Upgrading to XP SP3 and beyond

Dan Kaplan, executive editor, SC Magazine

The death of Windows XP Service Pack (SP) 2 is set for this month, but many IT administrators appear to be in denial.

July 13 is the date Microsoft has pledged to cease support for the operating system update. SP2 was released in 2006, with SP3 following two years later. Yet, many organizations, citing its reliability and stability, still are running SP2, said Wolfgang Kandek, CTO of vulnerability management firm Qualys.

That, however, may invite security risks, given that Microsoft will stop releasing monthly patches for SP2, Kandek said.
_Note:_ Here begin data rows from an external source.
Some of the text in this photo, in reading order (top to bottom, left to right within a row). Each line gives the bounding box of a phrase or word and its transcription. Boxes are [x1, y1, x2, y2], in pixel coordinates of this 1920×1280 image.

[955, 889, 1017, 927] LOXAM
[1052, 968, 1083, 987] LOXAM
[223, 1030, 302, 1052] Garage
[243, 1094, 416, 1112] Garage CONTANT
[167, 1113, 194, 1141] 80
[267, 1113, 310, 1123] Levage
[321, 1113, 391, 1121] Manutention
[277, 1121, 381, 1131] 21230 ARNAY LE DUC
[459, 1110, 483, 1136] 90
“The danger is that, within a couple of months, SP 2 will have vulnerabilities that officially don't exist, but attackers will know they exist,” Kandek said.
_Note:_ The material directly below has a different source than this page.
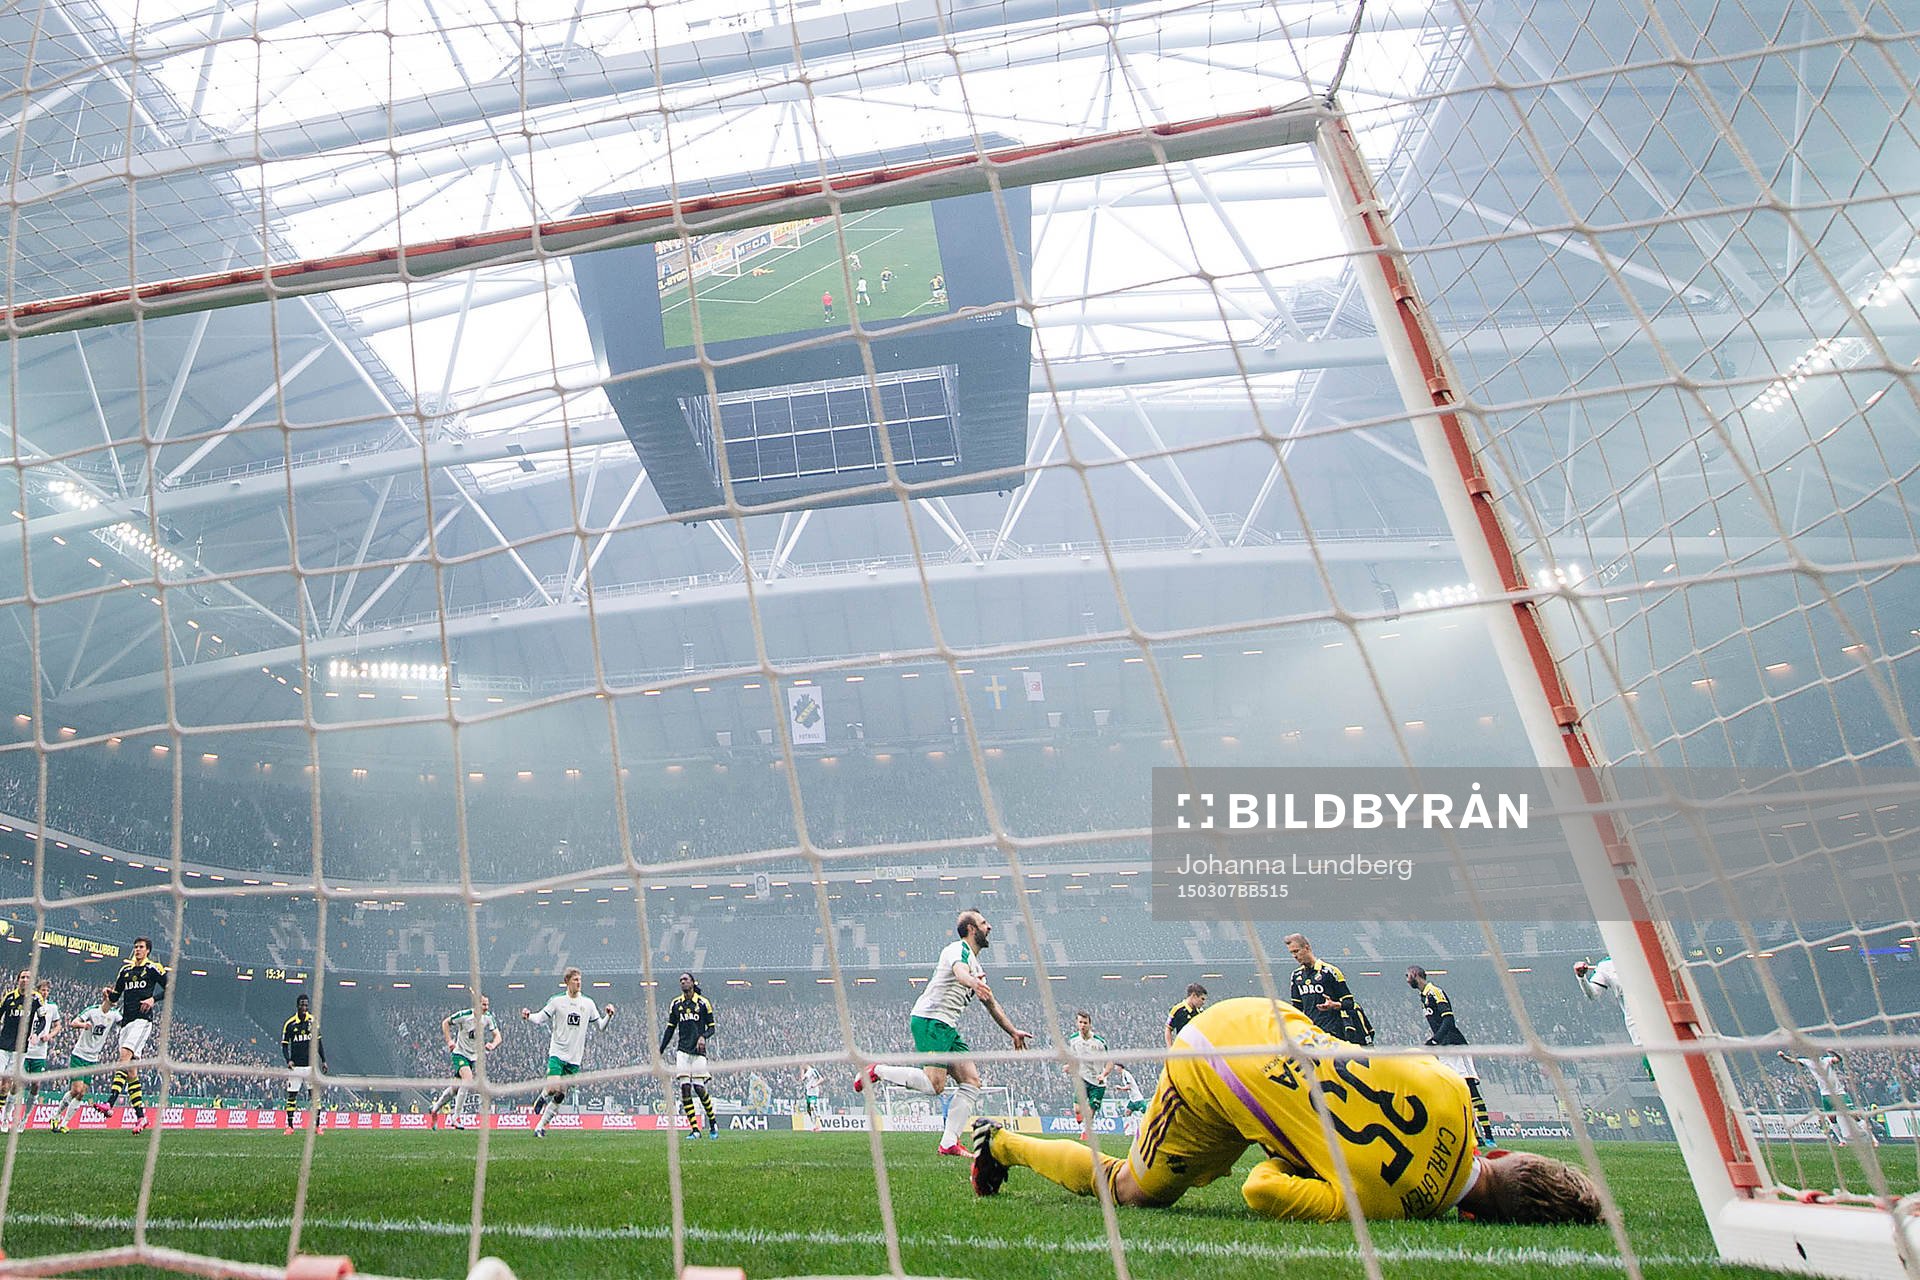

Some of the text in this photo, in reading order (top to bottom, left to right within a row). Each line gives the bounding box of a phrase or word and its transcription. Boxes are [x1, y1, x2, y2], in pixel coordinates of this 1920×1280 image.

About a year ago, Qualys began tracking XP SP2 migrations across roughly one million machines, Kandek said. The company found that at that time, 80 percent of XP computers ran the soon-to-be-unsupported service pack, though the number has dwindled to 50 percent.

Kandek said he blames Vista, oft criticized for its usability and hardware compatibility shortfalls, with the slowness for many to migrate. Vista, released in January 2007, failed to permeate businesses and the resulting flop kept many organizations in the comforts of SP2.
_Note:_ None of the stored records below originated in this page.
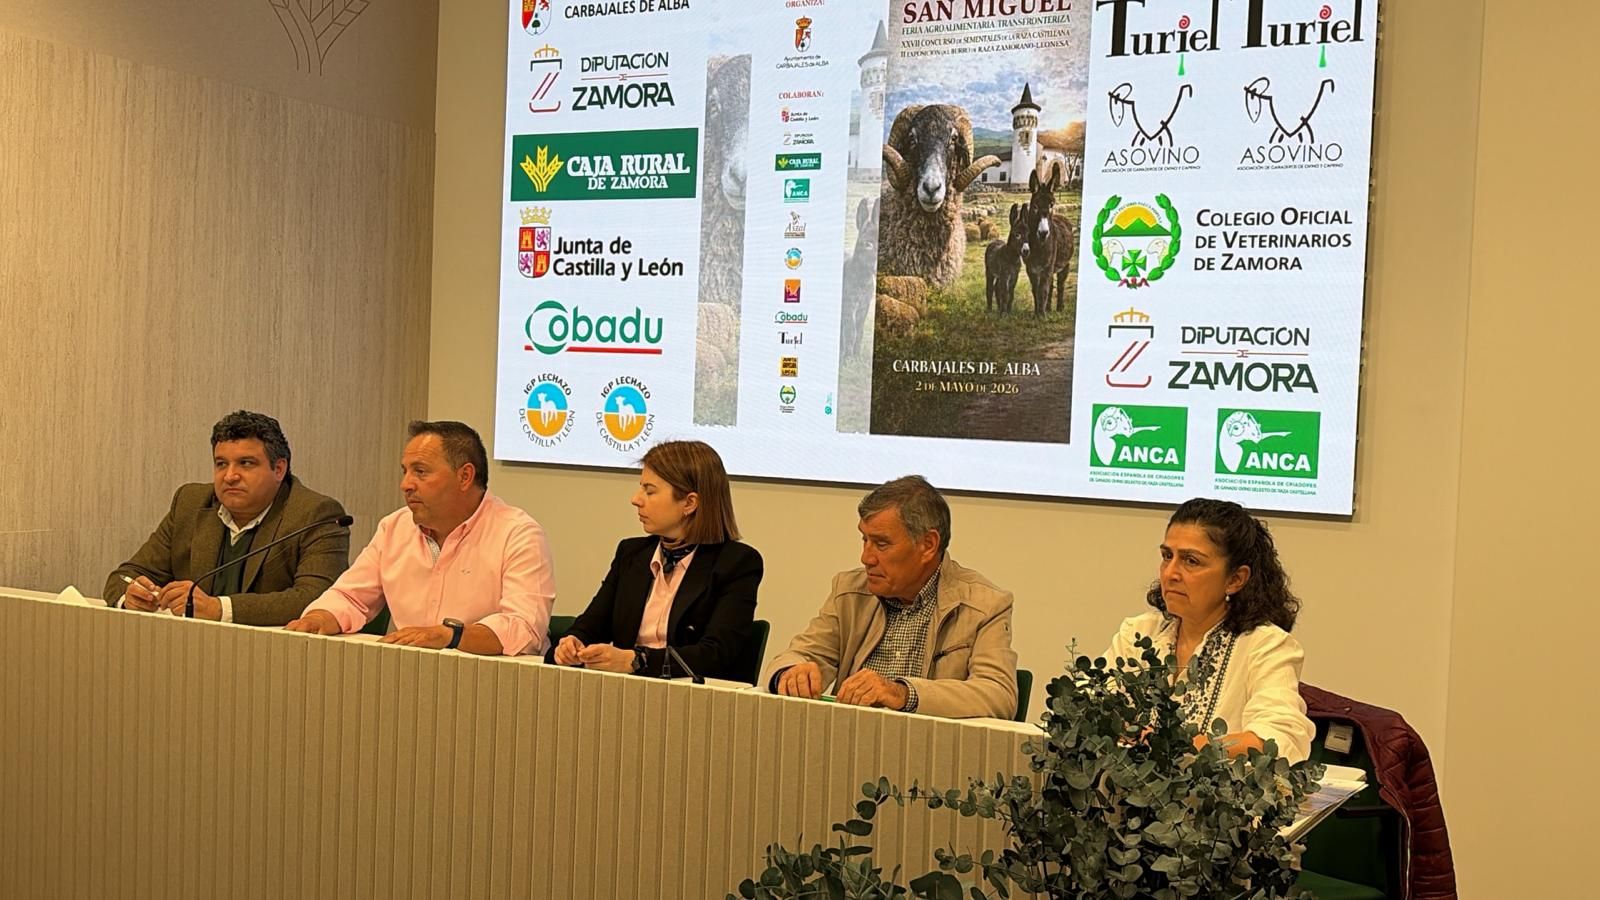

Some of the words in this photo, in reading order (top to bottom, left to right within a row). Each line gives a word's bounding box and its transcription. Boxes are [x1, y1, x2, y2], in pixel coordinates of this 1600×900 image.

[564, 0, 636, 19] CARBAJALES
[639, 0, 655, 13] DE
[658, 0, 690, 11] ALBA
[903, 0, 952, 24] SAN
[963, 0, 1072, 19] MIGUEL
[902, 26, 923, 35] FERIA
[924, 20, 995, 34] AGROALIMENTARIA
[998, 14, 1071, 28] TRANSFRONTERIZA
[1096, 0, 1220, 57] Turiel
[1241, 0, 1364, 48] Turiel
[921, 38, 956, 47] CONCURSO
[963, 34, 1002, 44] SEMENTALES
[1032, 30, 1070, 38] CASTELLANA
[572, 82, 675, 111] ZAMORA
[779, 90, 824, 100] COLABORAN:
[1104, 146, 1200, 167] ASOVINO
[1240, 143, 1342, 164] ASOVINO
[567, 156, 616, 177] CAJA
[620, 153, 690, 175] RURAL
[587, 177, 606, 190] DE
[610, 175, 668, 189] ZAMORA
[1196, 209, 1275, 227] COLEGIO
[1280, 207, 1353, 225] OFICIAL
[553, 237, 603, 255] Junta
[609, 237, 631, 254] de
[1195, 235, 1217, 248] DE
[1222, 231, 1352, 248] VETERINARIOS
[553, 258, 615, 276] Castilla
[620, 262, 632, 281] y
[638, 258, 683, 276] León
[1194, 258, 1215, 271] DE
[1220, 253, 1302, 271] ZAMORA
[525, 300, 663, 355] Cobadu
[892, 359, 975, 376] CARBAJALES
[979, 362, 998, 375] DE
[1004, 362, 1041, 377] ALBA
[1168, 361, 1319, 393] ZAMORA
[524, 378, 536, 395] IGP
[538, 373, 572, 396] LECHAZO
[601, 381, 614, 398] IGP
[615, 376, 651, 399] LECHAZO
[915, 382, 922, 391] 2
[924, 382, 935, 391] DE
[939, 382, 974, 393] MAYO
[976, 384, 987, 393] DE
[990, 382, 1019, 394] 2026
[519, 408, 526, 423] DE
[522, 423, 556, 447] CASTILLA
[556, 434, 562, 442] Y
[596, 412, 603, 427] DE
[600, 428, 635, 452] CASTILLA
[634, 439, 641, 447] Y
[1118, 445, 1179, 465] ANCA
[1245, 452, 1311, 472] ANCA
But as the end-of-life date now approaches for SP2, the easiest move for organizations is to upgrade to SP3, Kandek said. Installing the package is similar to updating computers with security updates. Yet, administrators should be careful to test the new service pack, Kandek advised.

“Windows 7 has been getting positive reviews, and many clients report that they have plans to start their production deployments, but there are some that are still undecided about when to start and how quickly to do the migration,” said Michael Silver, vice president and distinguished analyst at Gartner.